> [DATA EXTRACT]
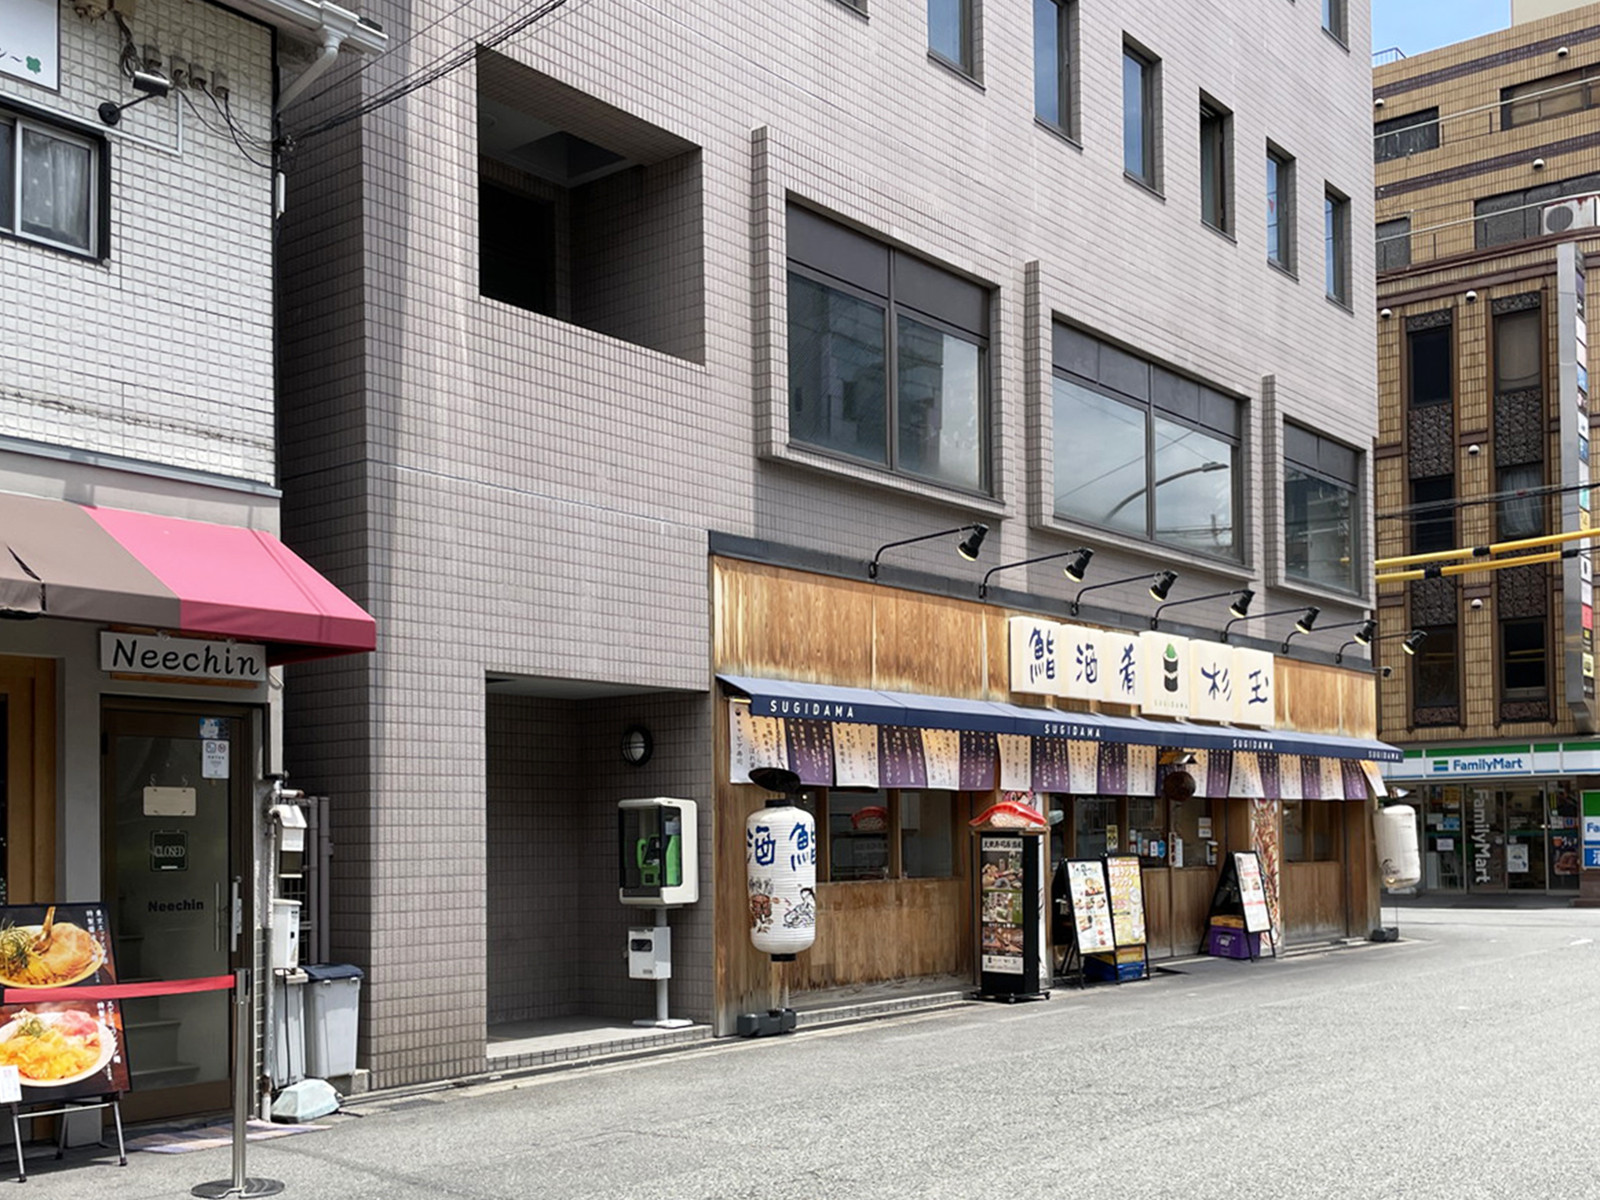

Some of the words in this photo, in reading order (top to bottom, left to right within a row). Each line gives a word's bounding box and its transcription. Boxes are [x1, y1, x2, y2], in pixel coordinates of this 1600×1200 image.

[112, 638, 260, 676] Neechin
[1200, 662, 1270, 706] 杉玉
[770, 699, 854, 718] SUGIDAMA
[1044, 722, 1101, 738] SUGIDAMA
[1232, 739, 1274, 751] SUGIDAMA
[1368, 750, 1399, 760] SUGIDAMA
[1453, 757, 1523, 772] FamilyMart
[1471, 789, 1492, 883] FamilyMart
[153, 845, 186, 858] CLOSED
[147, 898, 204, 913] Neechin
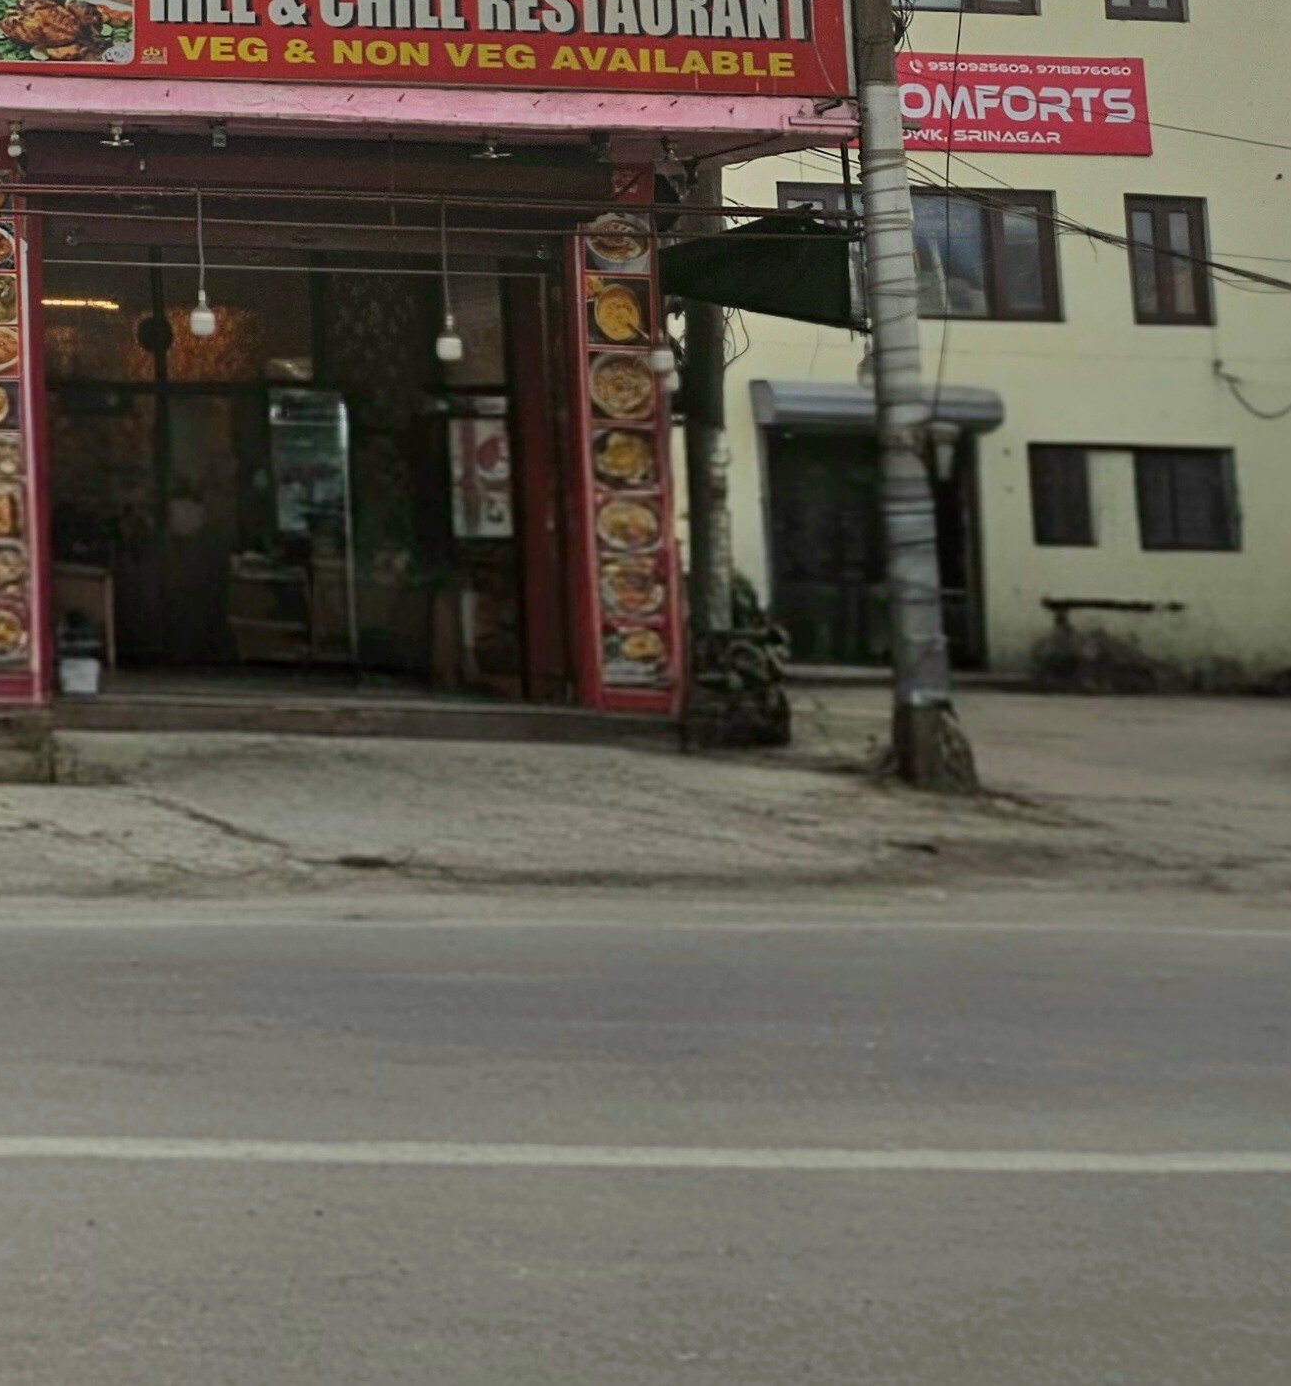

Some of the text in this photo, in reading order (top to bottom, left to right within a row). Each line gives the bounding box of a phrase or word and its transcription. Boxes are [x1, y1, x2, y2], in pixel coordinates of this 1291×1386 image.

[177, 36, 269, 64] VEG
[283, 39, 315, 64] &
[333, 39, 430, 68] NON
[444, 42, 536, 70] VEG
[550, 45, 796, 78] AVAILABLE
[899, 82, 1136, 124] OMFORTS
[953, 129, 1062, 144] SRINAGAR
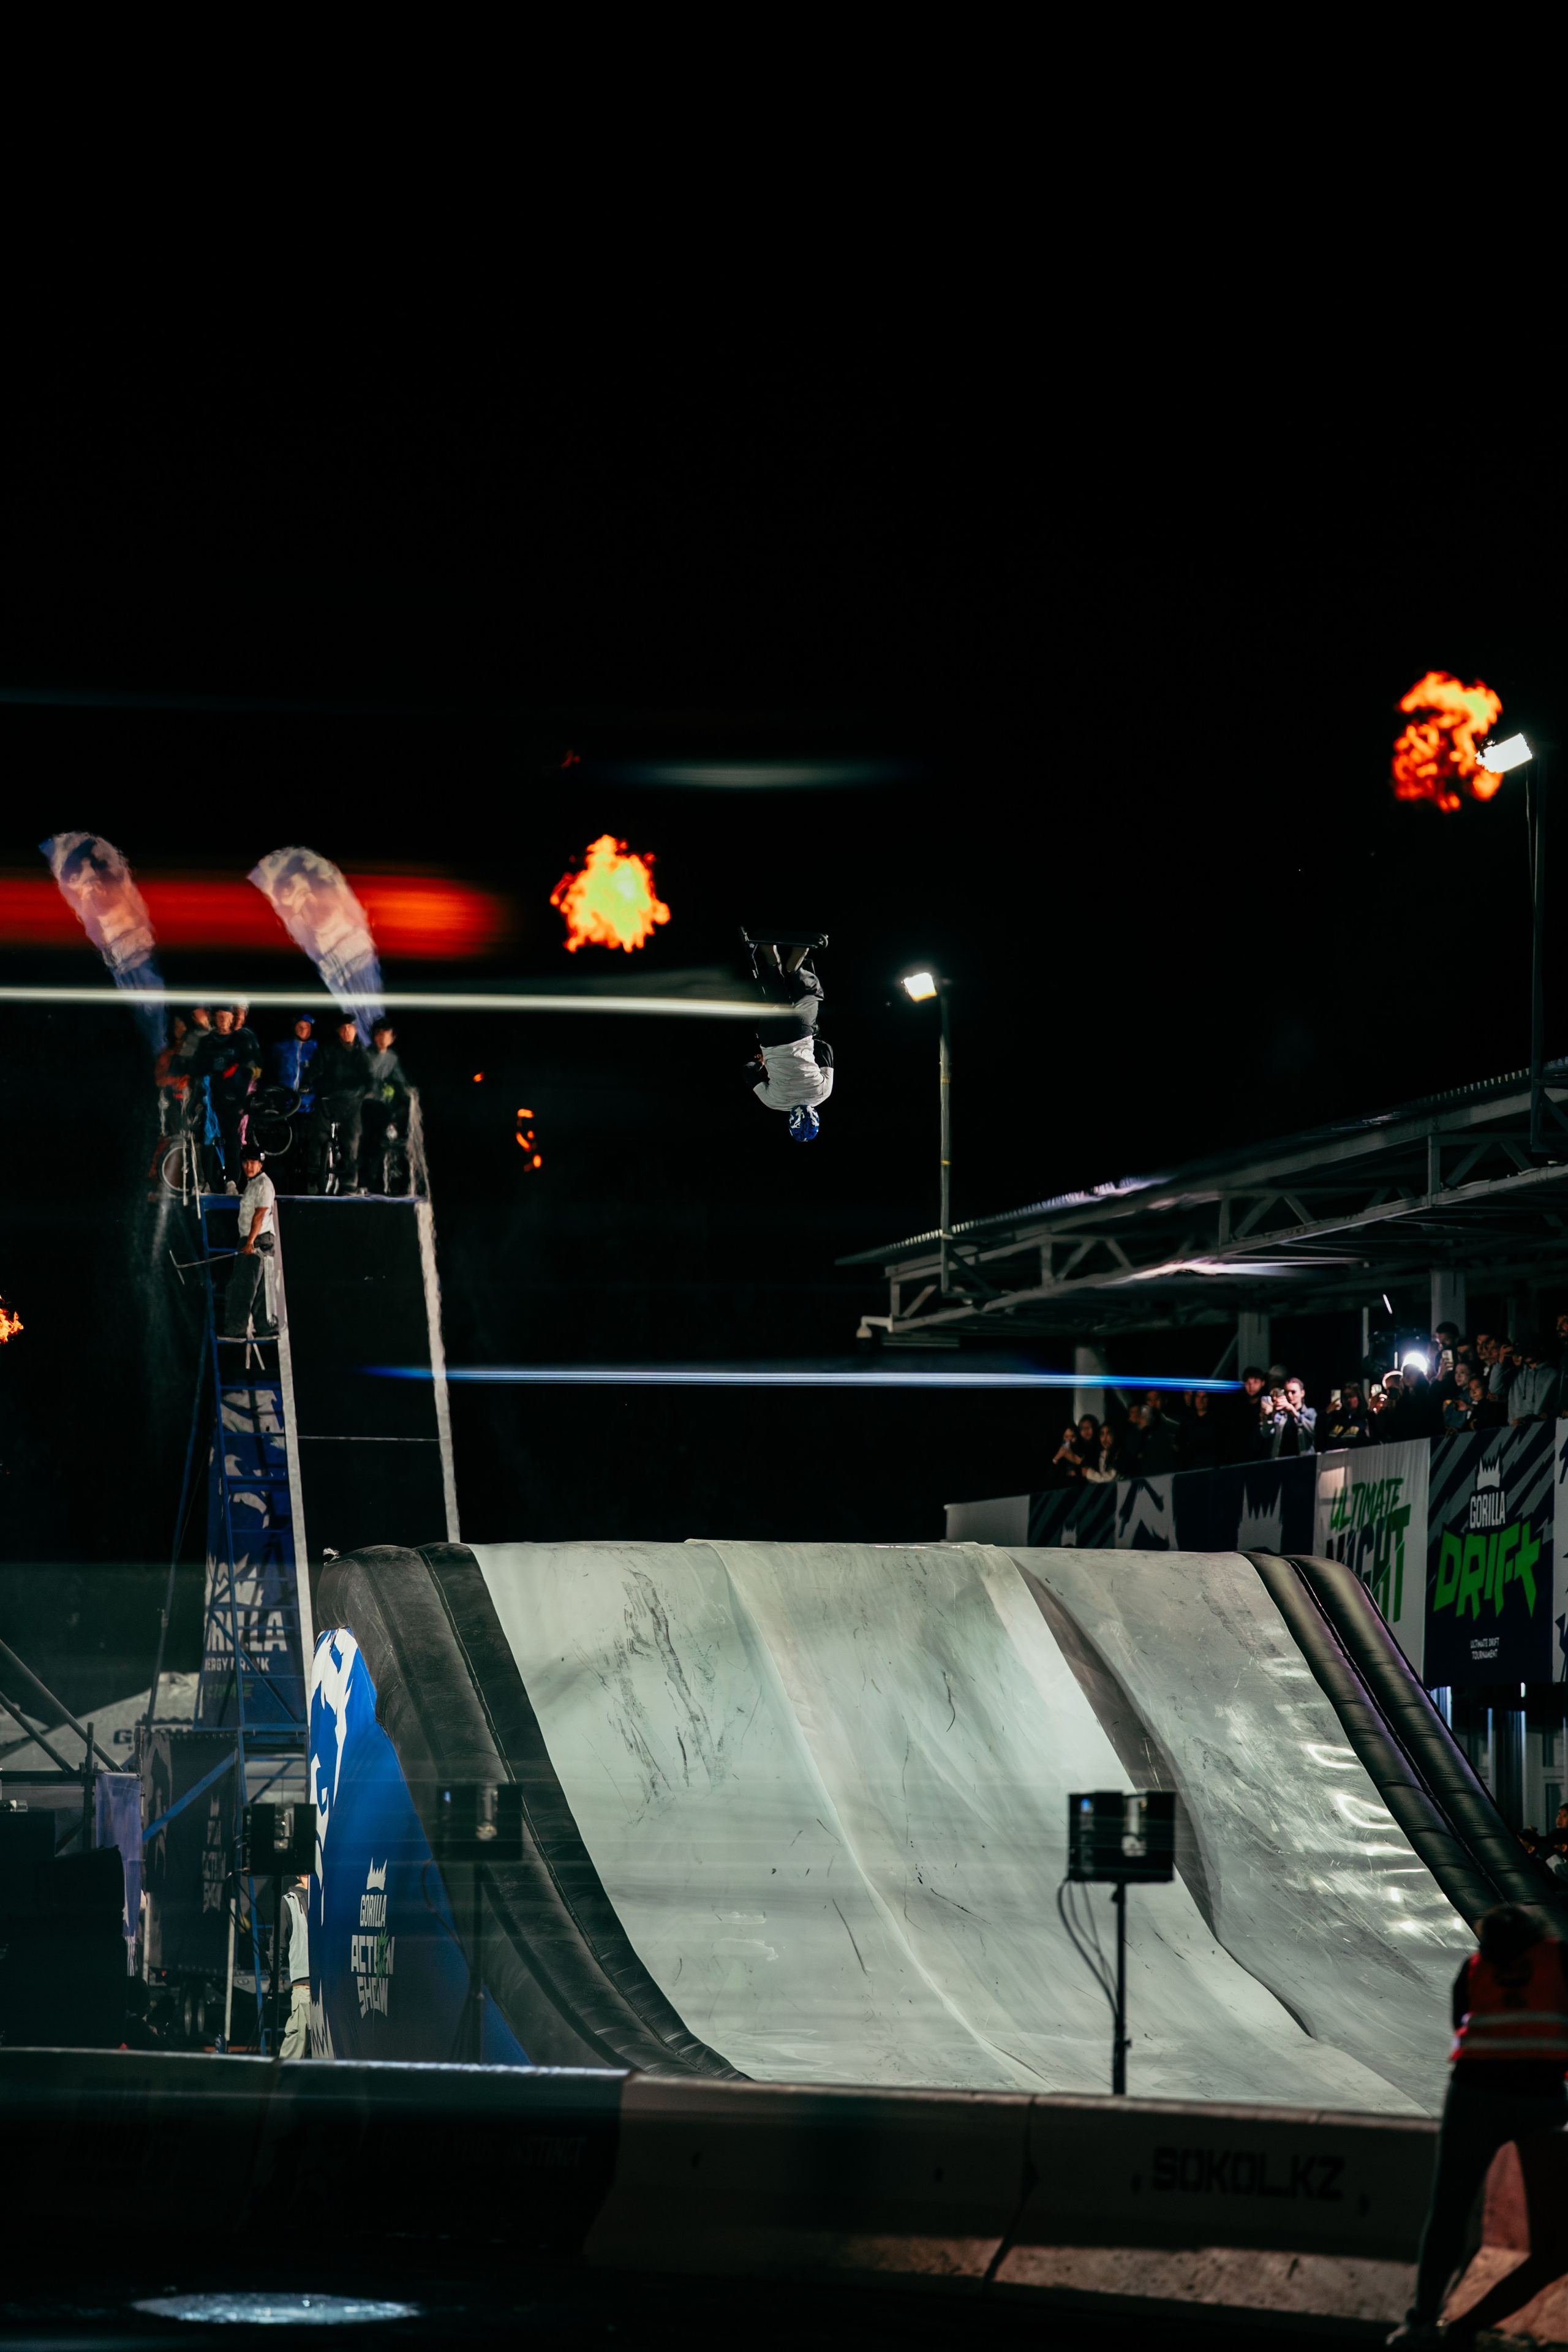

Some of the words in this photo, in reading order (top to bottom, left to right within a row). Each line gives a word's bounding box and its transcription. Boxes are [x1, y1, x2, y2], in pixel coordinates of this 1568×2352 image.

> [EXERCISE DESCRIPTION]
Every entry above should be returned exactly, with no images included.

> [RESULT OF THE TASK]
Some of the words in this photo, in reading order (top to bottom, left to right within a row). Each line gives a word's bounding box and its transcription. Boxes are [x1, y1, x2, y2], in pixel coordinates of this 1600×1200 image.

[112, 638, 260, 676] Neechin
[1200, 662, 1270, 706] 杉玉
[770, 699, 854, 718] SUGIDAMA
[1044, 722, 1101, 738] SUGIDAMA
[1232, 739, 1274, 751] SUGIDAMA
[1368, 750, 1399, 760] SUGIDAMA
[1453, 757, 1523, 772] FamilyMart
[1471, 789, 1492, 883] FamilyMart
[153, 845, 186, 858] CLOSED
[147, 898, 204, 913] Neechin

Some of the text in this photo, in reading order (top to bottom, left to right within a row). Each line gives the bounding box of a phrase or word and its transcription. Boxes are [x1, y1, x2, y2], in pixel coordinates of this 1291×1386 image.

[177, 36, 269, 64] VEG
[283, 39, 315, 64] &
[333, 39, 430, 68] NON
[444, 42, 536, 70] VEG
[550, 45, 796, 78] AVAILABLE
[899, 82, 1136, 124] OMFORTS
[953, 129, 1062, 144] SRINAGAR

Some of the words in this photo, in reading order (top to bottom, left to right within a row). Each line gives a word's bounding box and its transcription. Boxes are [x1, y1, x2, y2], in pixel coordinates of this 1568×2352 image.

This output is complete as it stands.